Cross-linking of membrane proteins of metabolically-depleted and calcium-loaded erythrocytes

Abstract

The membranes of erythrocytes undergoing metabolic depletion or an influx of calcium undergo several changes in structure and function. In erythrocytes incubated without substrate we find extensive cross-linking of membrane proteins by disulphide bonding occurring after 24--48 h, involving all major membrane proteins as well as haemoglobin. Aggregates of mol wt 40 x 10(6) or greater are formed. These changes are partially reversible by repletion with adenosine. Rapid introduction of calcium (intracellular concentrations approximately 0.6 mM) into metabolically replete erythrocytes with the ionophore A23187 results in transglutaminase-dependent cross-linking of membrane proteins.
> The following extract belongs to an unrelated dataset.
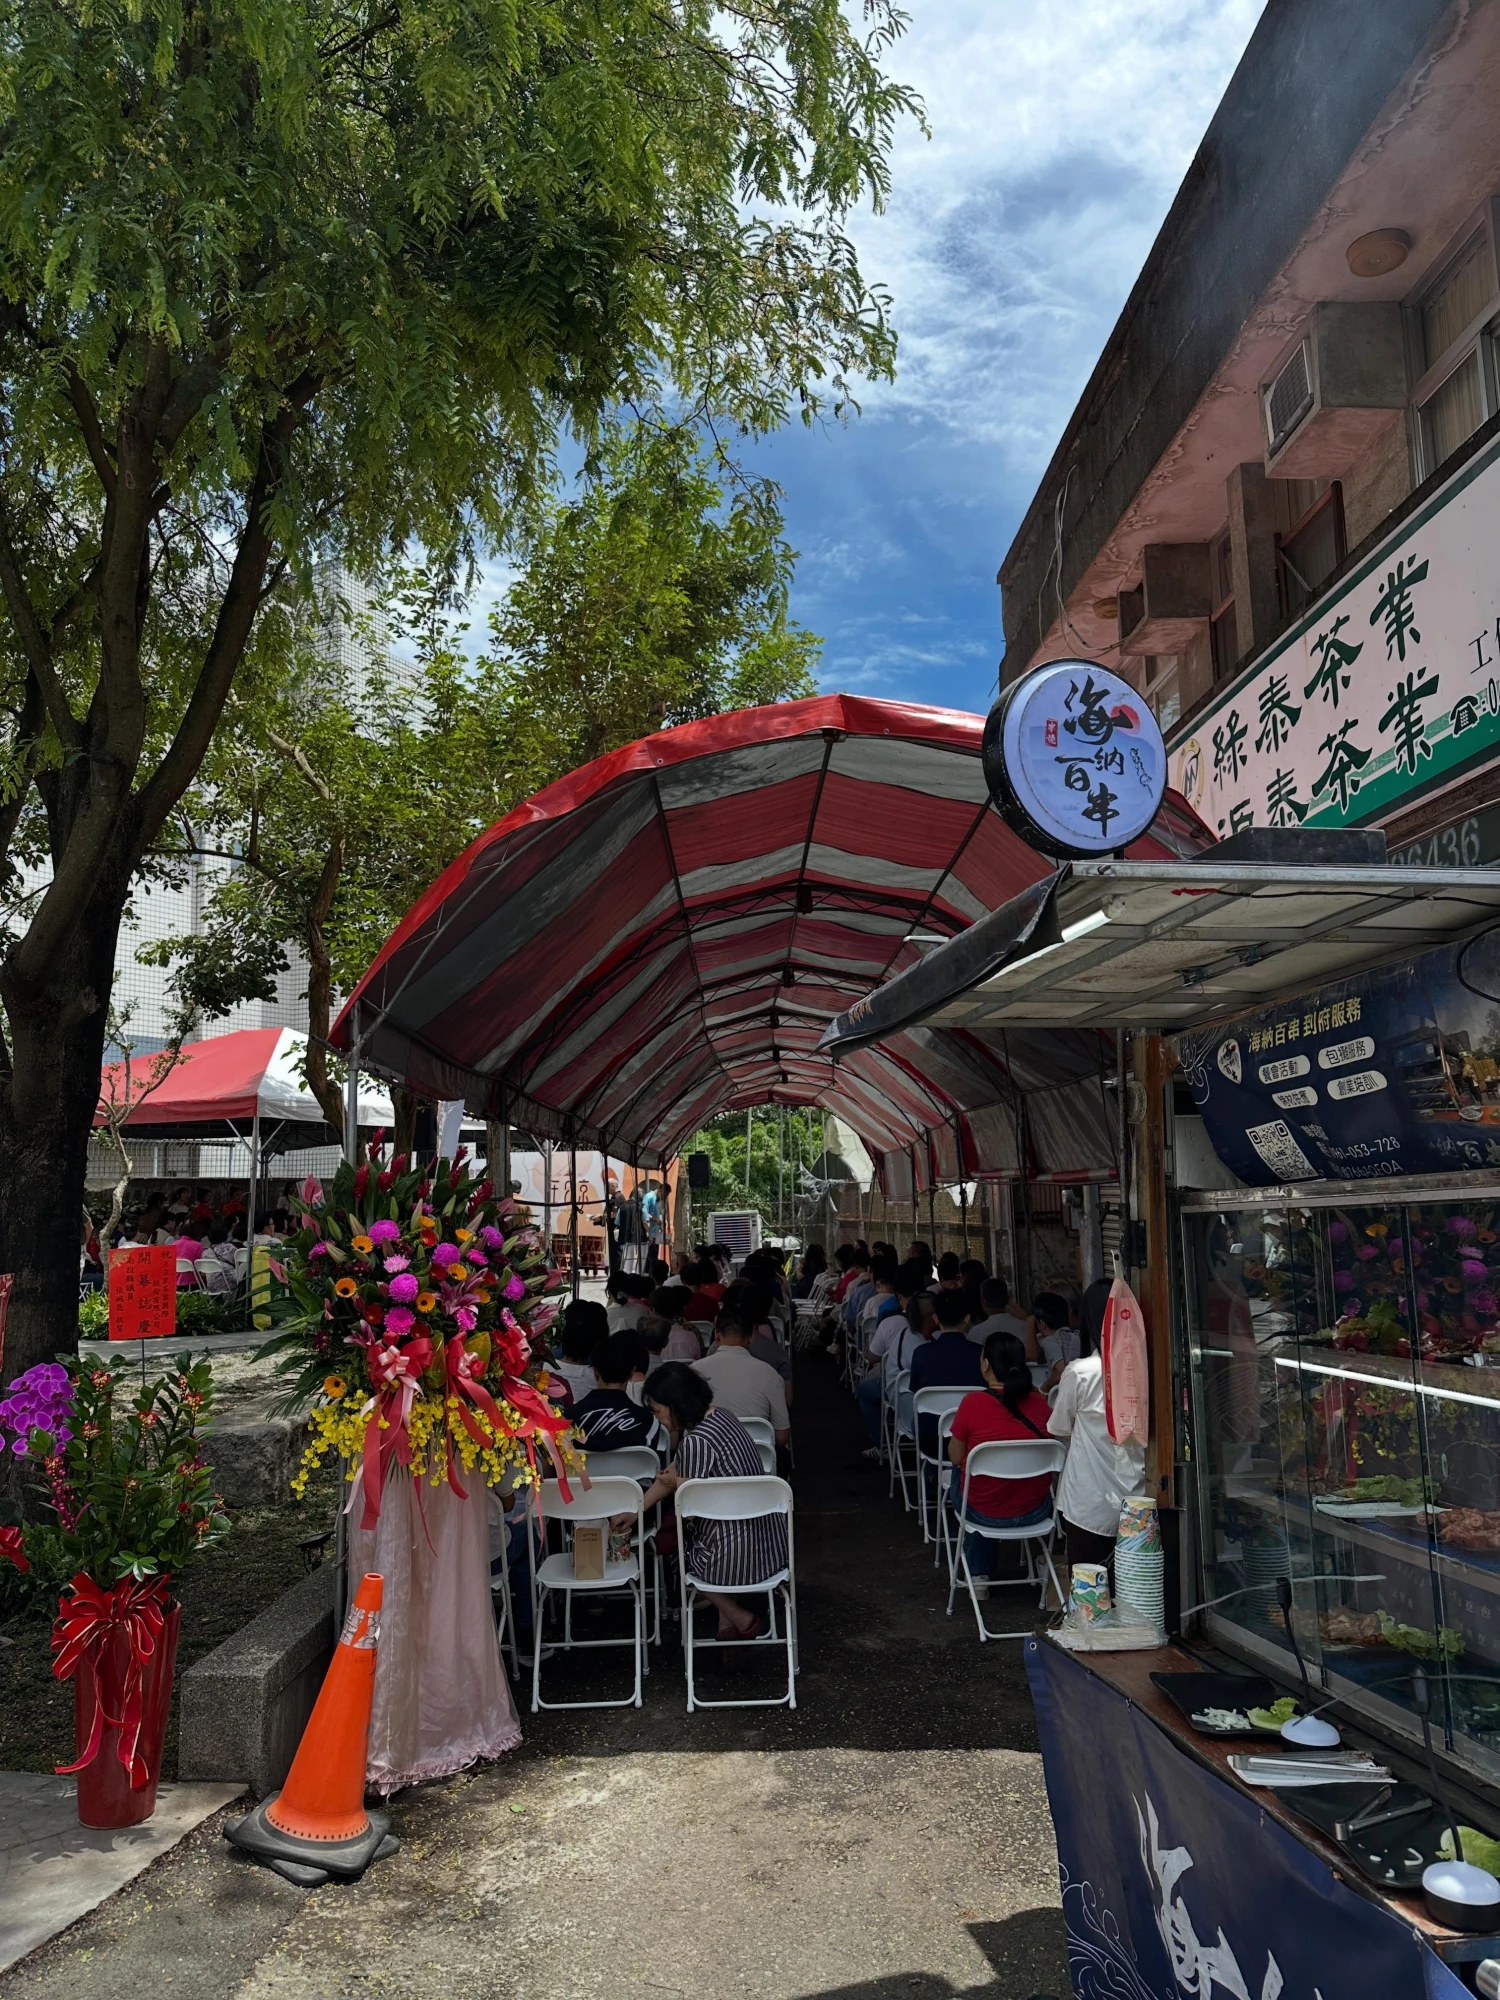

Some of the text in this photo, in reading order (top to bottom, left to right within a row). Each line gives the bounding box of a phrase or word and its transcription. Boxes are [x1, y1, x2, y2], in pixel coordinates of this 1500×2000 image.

Cellular calcium concentrations of approximately 0.3 mM have no cross-linking effect. Cells undergoing metabolic depletion show a progressive loss of transglutaminase activity to undetectable levels at 12 h, so that influx of calcium into such cells cannot cause cross-linking by a transglutaminase-mediated reaction. These studies suggest that the metabolic state of the cell and the rate and degree of calcium influx into erythrocytes are critical factors in determining the type of membrane protein cross-linkage.